CODEWITHSUNDEEP
pythonlistfunctional-programmingreduce
dreeves
dreeves

Reputation: 26932

reducelist in Python: like reduce but giving the list of intermediate results

You know the handy reduce function in Python. For example, you could use it to sum up a list like so (pretend there isn't the built-in sum):

reduce(lambda x,y: x+y, [1,2,3,4], 0)

which returns (((0+1)+2)+3)+4 = 10.

Now what if I wanted a list of the intermediate sums? In this case, [1,3,6,10].
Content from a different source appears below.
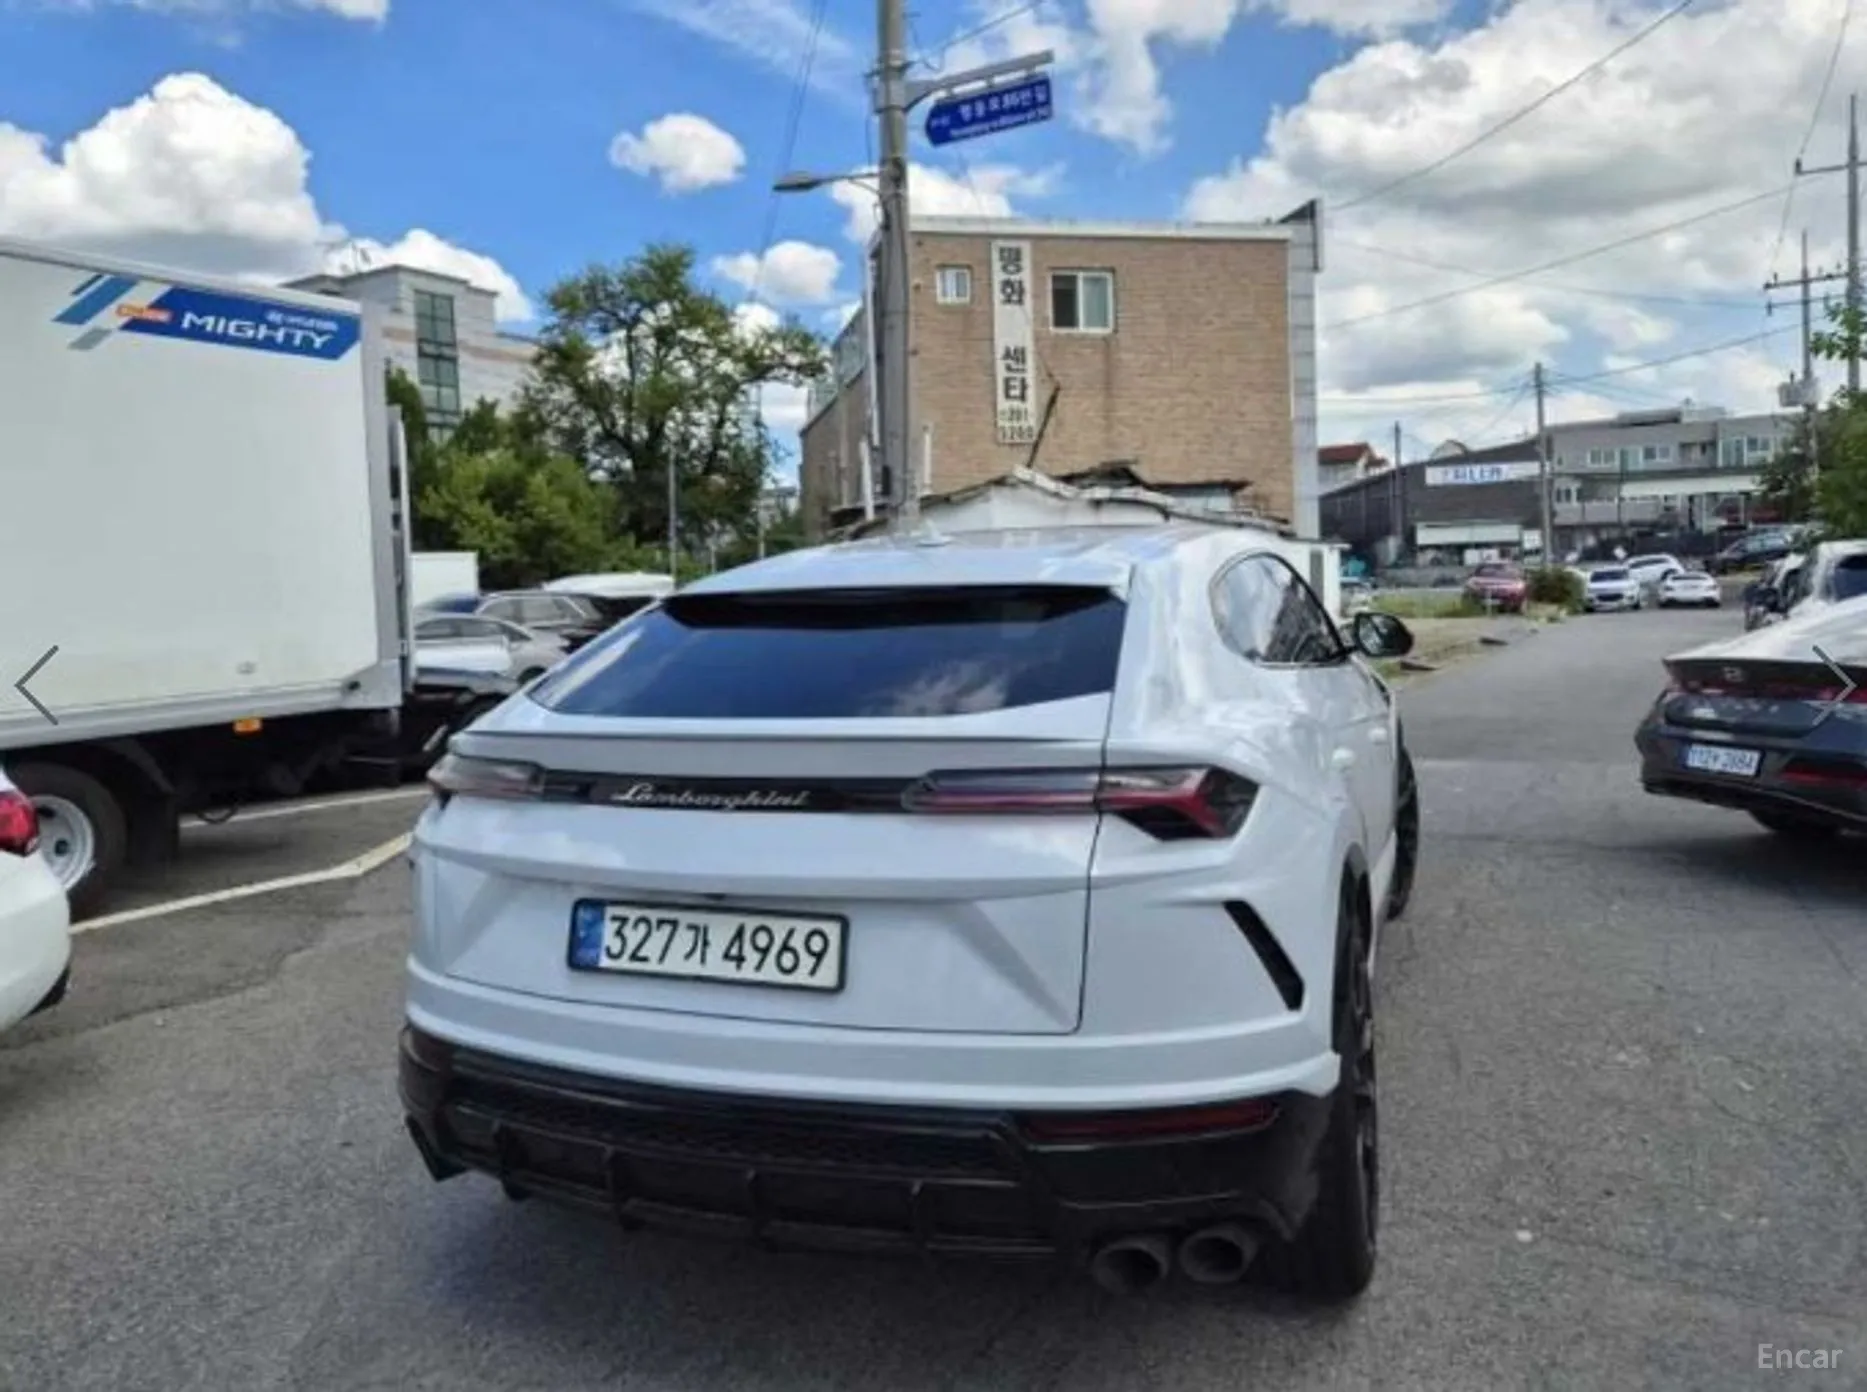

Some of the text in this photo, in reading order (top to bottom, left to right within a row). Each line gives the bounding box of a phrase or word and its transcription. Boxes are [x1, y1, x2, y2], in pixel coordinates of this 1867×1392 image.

Here's an ugly solution. Is there something more pythonic?

def reducelist(f, l, x): 
  out = [x]
  prev = x
  for i in l:
    prev = f(prev, i)
    out.append(prev)
  return out

Upvotes: 14

Views: 3048

Answers (3)

jimhark
jimhark

Reputation: 5046

Note: Somehow I missed @DSM's answer before I wrote this. Go read and up vote that one instead, I just did. Come back if you want a longer answer.
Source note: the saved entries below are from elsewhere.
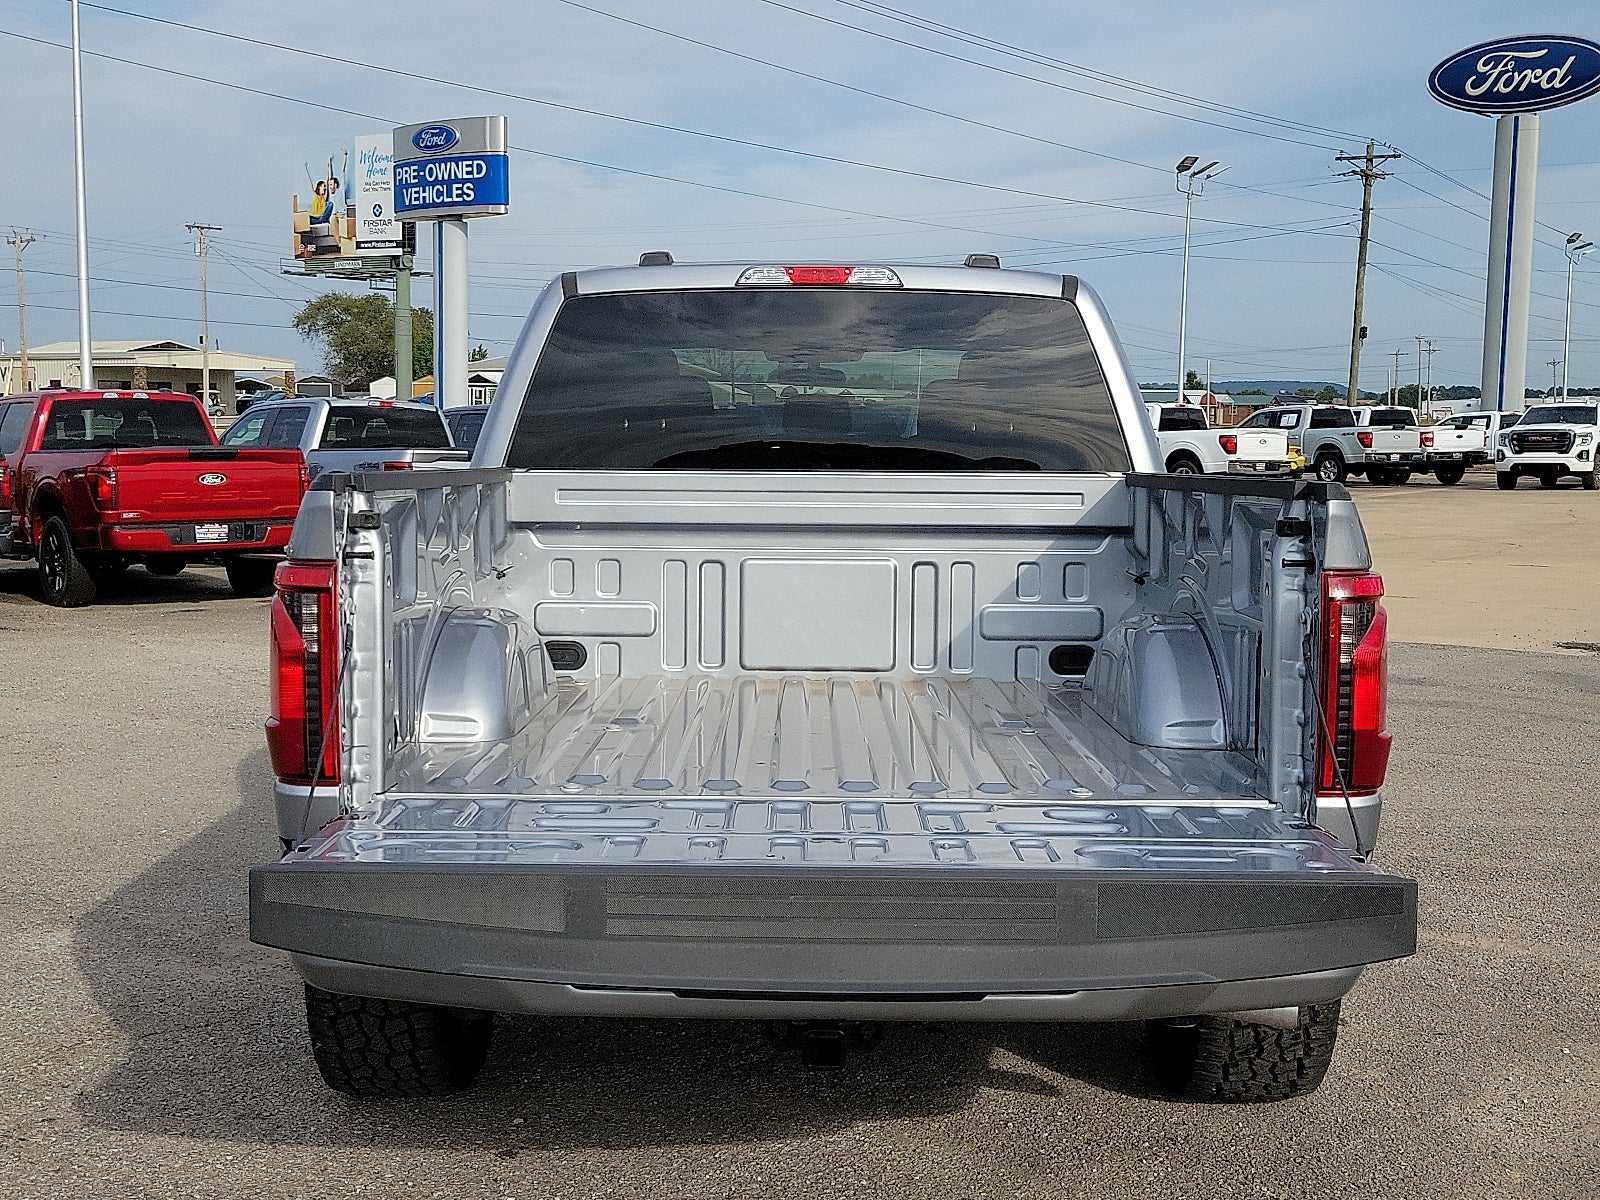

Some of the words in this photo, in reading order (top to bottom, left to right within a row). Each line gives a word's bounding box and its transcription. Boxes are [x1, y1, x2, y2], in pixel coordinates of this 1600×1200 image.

[1464, 48, 1576, 97] Ford
[419, 128, 447, 147] Ford
[359, 146, 394, 164] Welcome
[366, 164, 388, 179] Home
[395, 159, 487, 186] PRE-OWNED
[402, 183, 475, 206] VEHICLES
[363, 218, 393, 227] FIRSTAR
[369, 227, 387, 235] BANK
[203, 475, 222, 484] Ford
Python has this, it's called accumulate and it's implemented in the itertools standard library module starting in Python 3.2. The optional second argument, 'func', was added in 3.3.

import itertools

l = [1,2,3,4]
out = itertools.accumulate(l)

In this case out is an iterable. If you need a list, then

out = list(itertools.accumulate(l))

The accumulate() function can be used to generate a running total, or 'accumulated sums'. The default function is addition. We can pass in a function as the second argument:

import itertools
import operator

l = [1,2,3,4]
factorial = itertools.accumulate(l, operator.mul)
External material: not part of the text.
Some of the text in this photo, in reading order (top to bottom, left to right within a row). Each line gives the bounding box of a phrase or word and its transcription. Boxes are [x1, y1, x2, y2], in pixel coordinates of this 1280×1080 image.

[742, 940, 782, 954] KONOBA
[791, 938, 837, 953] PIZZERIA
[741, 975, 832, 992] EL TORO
Here we pass in operator.mul for multiplication to generate a running product. The operator module exports a set of efficient functions corresponding to the intrinsic operators of Python.

Of course we're not limited to functions defined in the operator module. You can use any function that accepts 2 parameters of the type of the elements in the first parameter. You can get creative, but here I'll do the opposite and explicitly implement the default addition/sum behavior using a lambda:

import itertools

l = [1,2,3,4]
out = itertools.accumulate(l, lambda a, b: a + b)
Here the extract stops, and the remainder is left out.